俺は靴を脱ぐと、玄関を入ってすぐ横にある脱衣所の扉を開け、真っ白なタオルをふたつ掴んだ。音が何もしないので振り向くと、夢子は玄関で突っ立っていた。黒髪から水が滴っている。服がピタリとくっついてるからこそわかる、細い体。
「早く入ってこい、風邪引くだろ」
俺はそう言いながら、掴んだタオルの一つを沢田の目の前に出した。
「…」
沢田はこっちをじっと見つめた後、コクリと頷くとタオルを受け取り、靴を脱いだ。黒いパンプスが鈍く光っていた。そして困った様にこちらを見たので、溜め息を吐きながら脱衣所へ押し込み、その扉を閉めた。
「おい、下着は乾燥機いれとけよ。俺のはお前に貸せねーんだから」
「ふふ。…わかった」
「(やっとしゃべった?)」
俺は、はっとした。ああ、良かった。お互い無言のまま、ここまで連れて来るのですら疲れたから、このまま口を紡んだままならどうしようかと思った。俺はそっと溜め息を吐く。
「ちょっと椿、」
一息着いたかと思えば、名前を呼ばれ、それと同時にぐぐいと腕を引っ張られた。い、痛い。なんだ?
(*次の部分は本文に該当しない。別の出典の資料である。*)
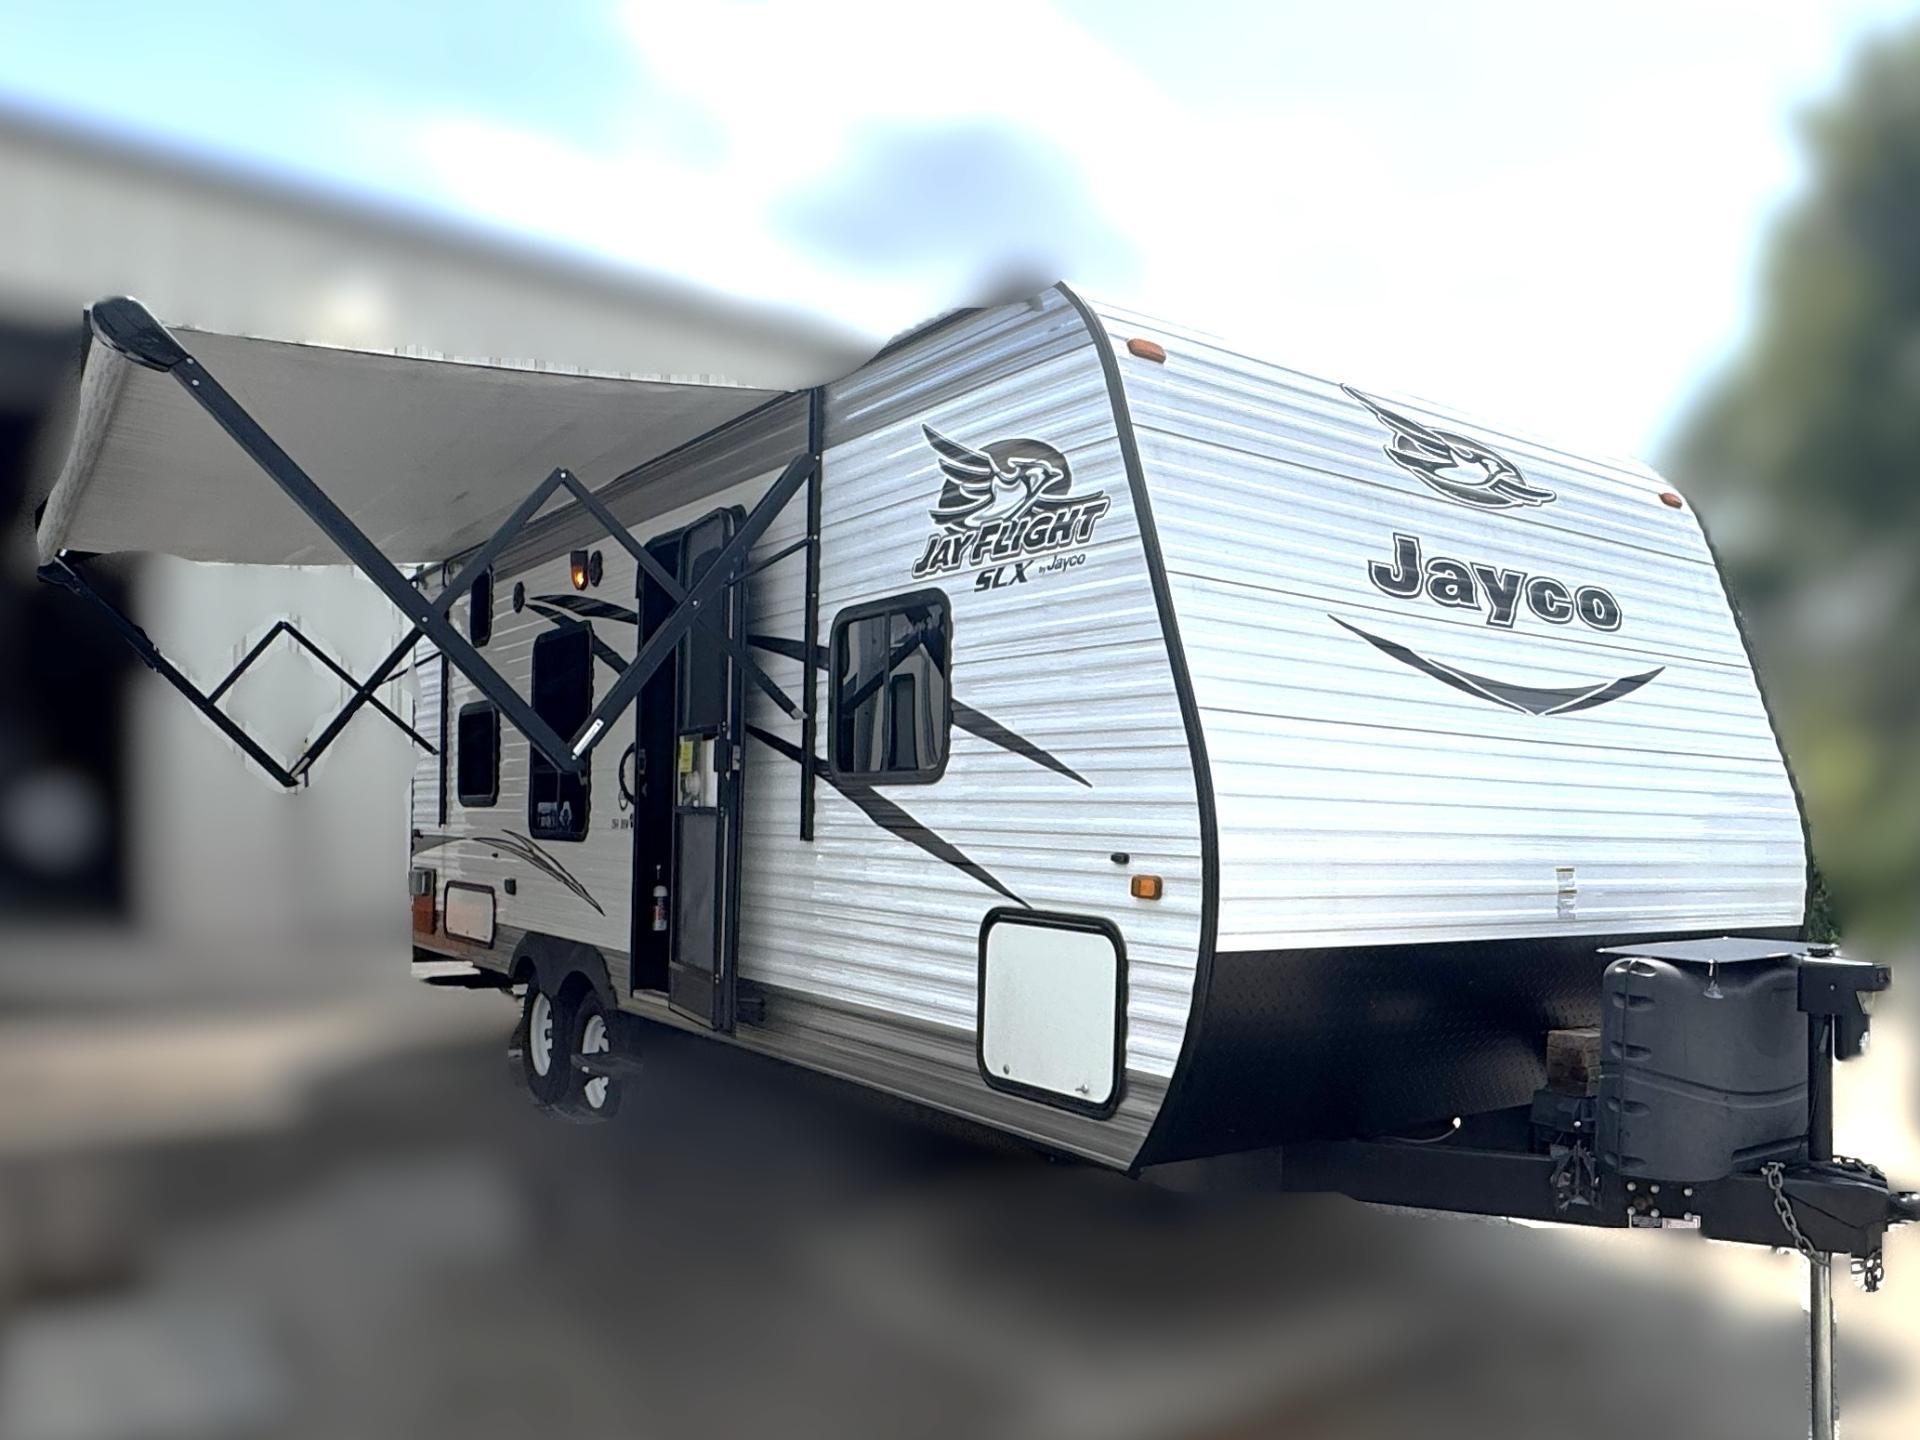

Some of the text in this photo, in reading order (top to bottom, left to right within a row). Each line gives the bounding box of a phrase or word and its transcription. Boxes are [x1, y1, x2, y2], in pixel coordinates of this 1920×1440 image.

[974, 560, 1034, 592] SLX
[1046, 553, 1086, 572] Jayco
[1368, 532, 1623, 632] Jayco
何かを聞く前に、兄貴によって俺はリビングに連れて来られていた。だから、痛いって。
「…オイ、椿」
兄貴は俺と同じ母親似の垂れ目だったが、俺よりも背が高く社交的でまめな性格のせいで人から間違われることは無かった。そんな兄貴の顔が近い。ていうか、一々名前を呼ぶな。沢田に渡さなかったもう一つのタオルを頭から被った。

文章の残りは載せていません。